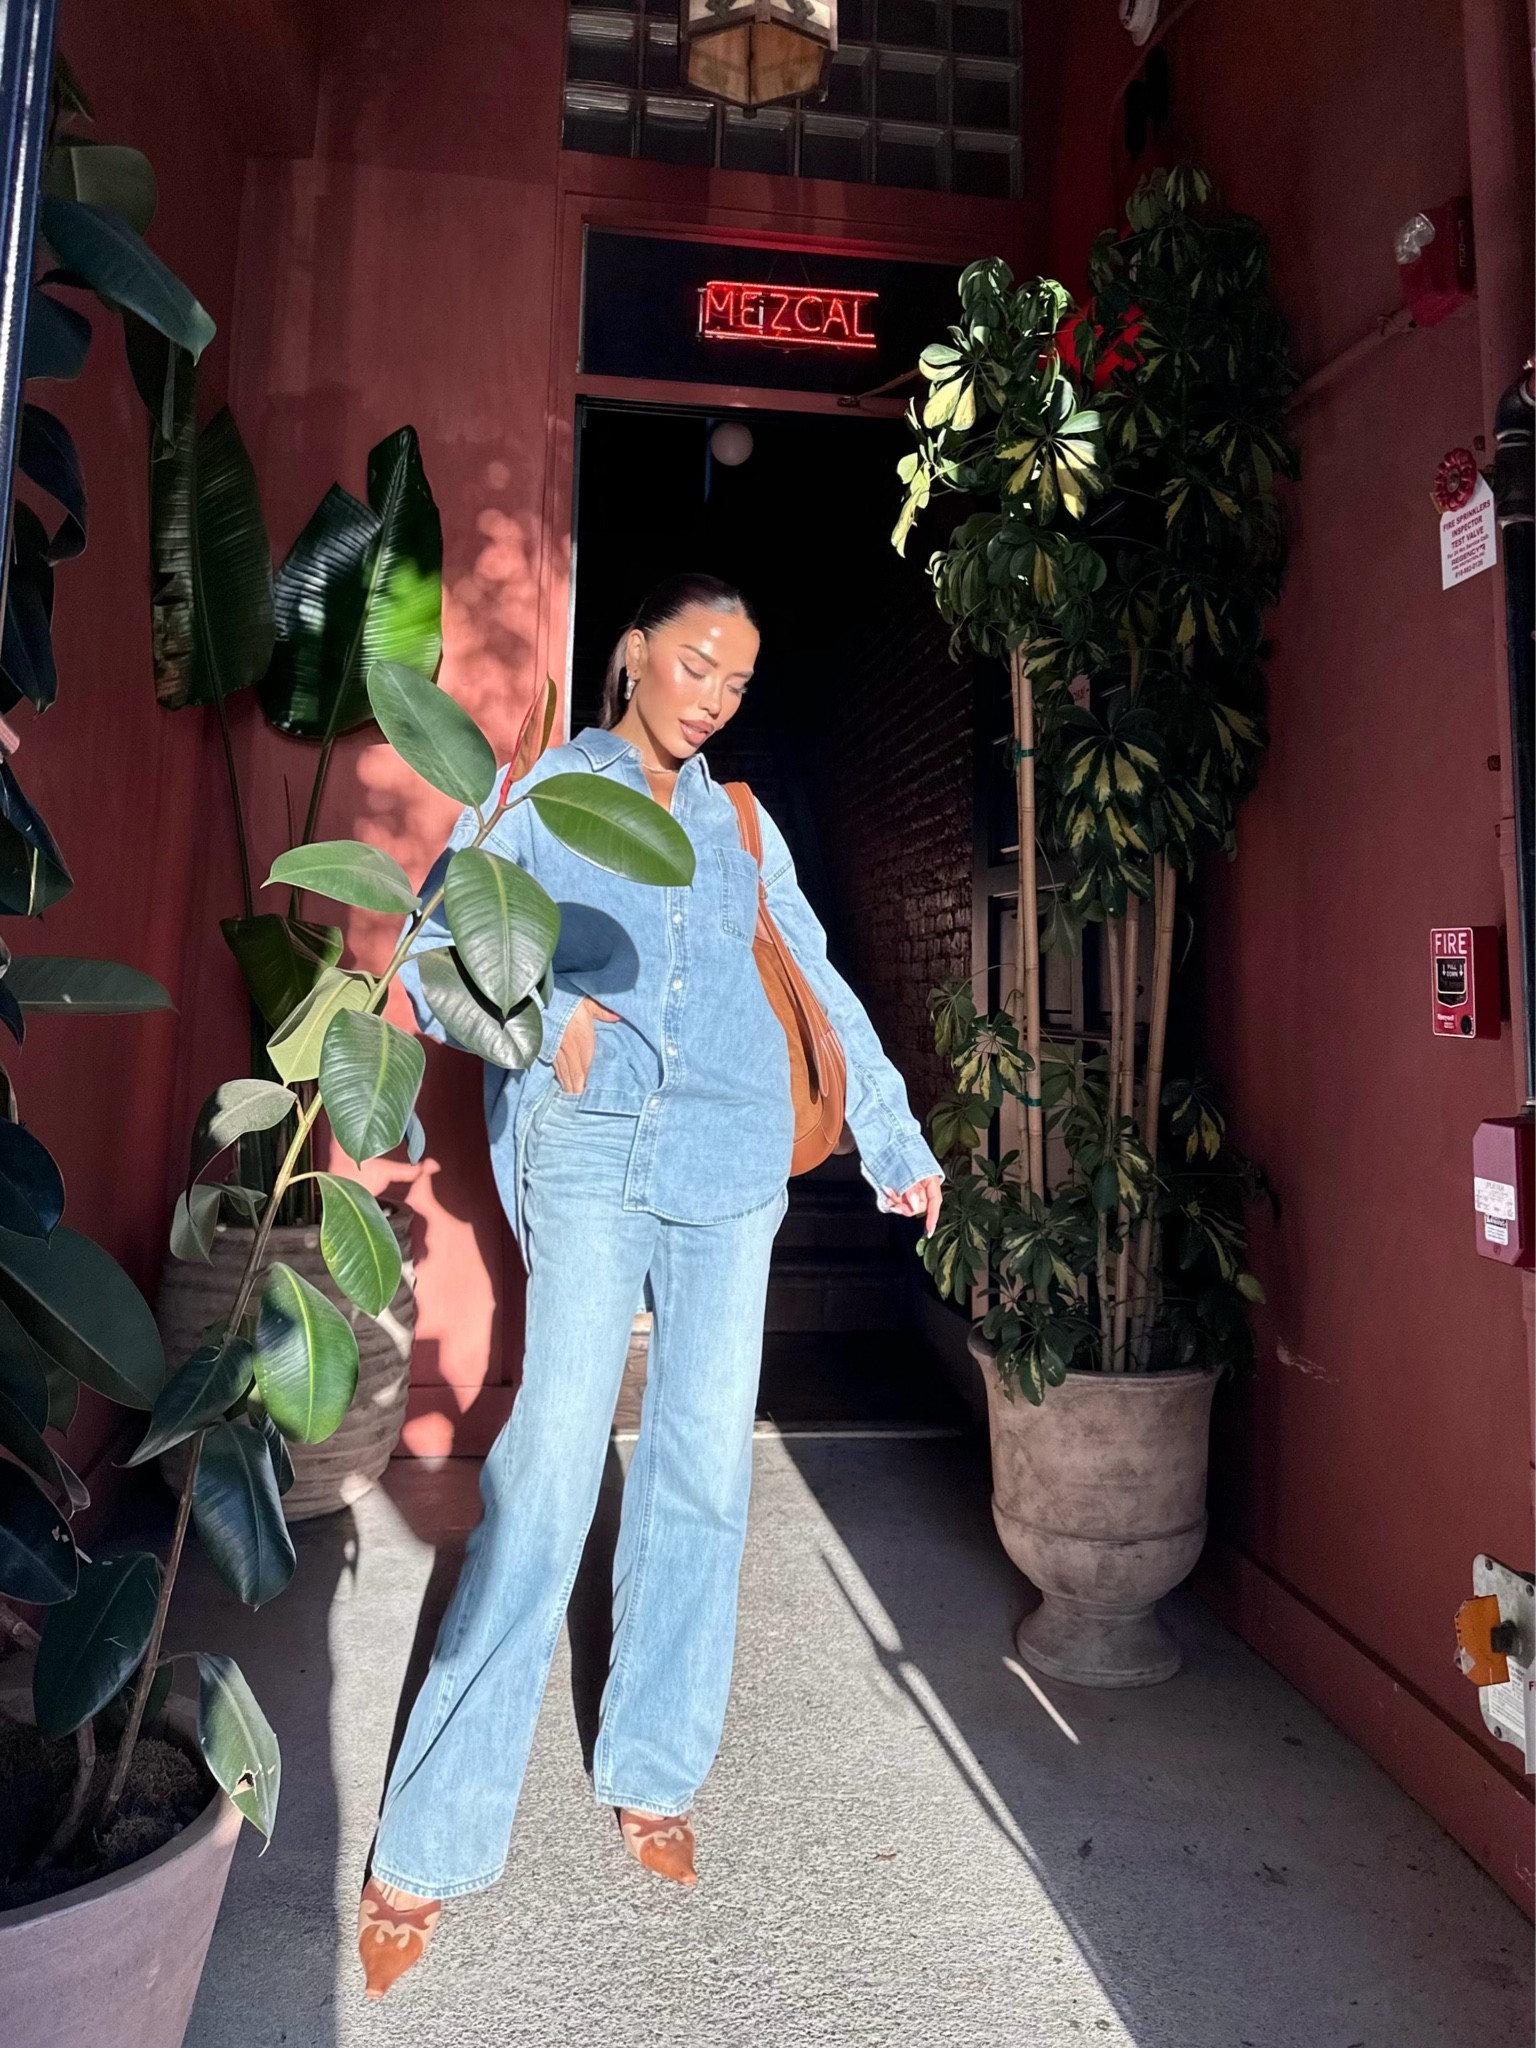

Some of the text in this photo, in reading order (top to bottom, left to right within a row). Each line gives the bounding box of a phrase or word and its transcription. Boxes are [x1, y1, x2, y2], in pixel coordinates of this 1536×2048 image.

[1458, 220, 1467, 267] FIRE
[706, 289, 875, 338] MEZCAL
[1443, 500, 1491, 532] FIRE SPRINKLERS
[1452, 515, 1483, 538] INSPECTOR
[1451, 526, 1484, 549] TEST VALVE
[1435, 932, 1468, 954] FIRE
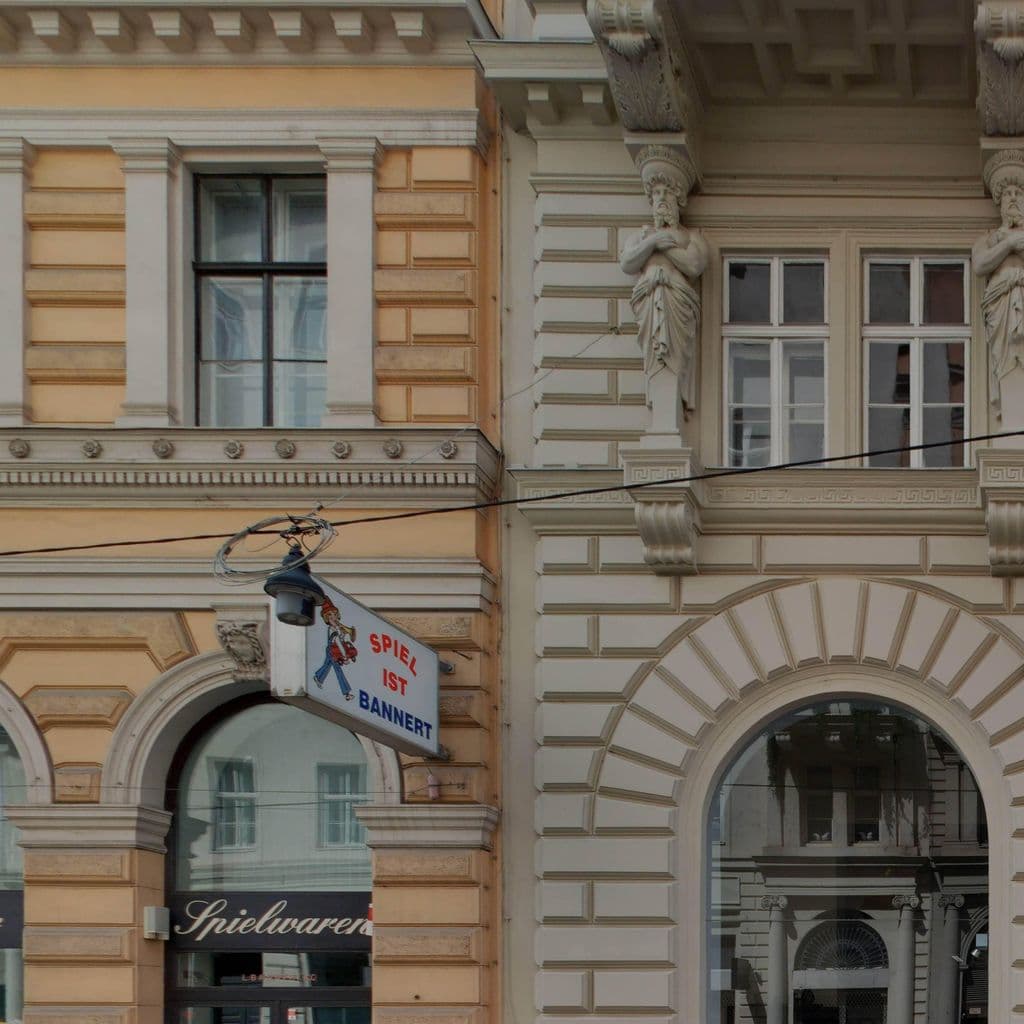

_REQUIRED WORK_. When copying the data above, repeat every word exactly and drop the pictures.

_RESPONSE FOR THIS EXERCISE_.
Some of the text in this photo, in reading order (top to bottom, left to right within a row). Each line gives the bounding box of a phrase or word and its transcription. Boxes are [x1, y1, x2, y2], in pixel coordinates of this 1536×2048 image.

[1458, 220, 1467, 267] FIRE
[706, 289, 875, 338] MEZCAL
[1443, 500, 1491, 532] FIRE SPRINKLERS
[1452, 515, 1483, 538] INSPECTOR
[1451, 526, 1484, 549] TEST VALVE
[1435, 932, 1468, 954] FIRE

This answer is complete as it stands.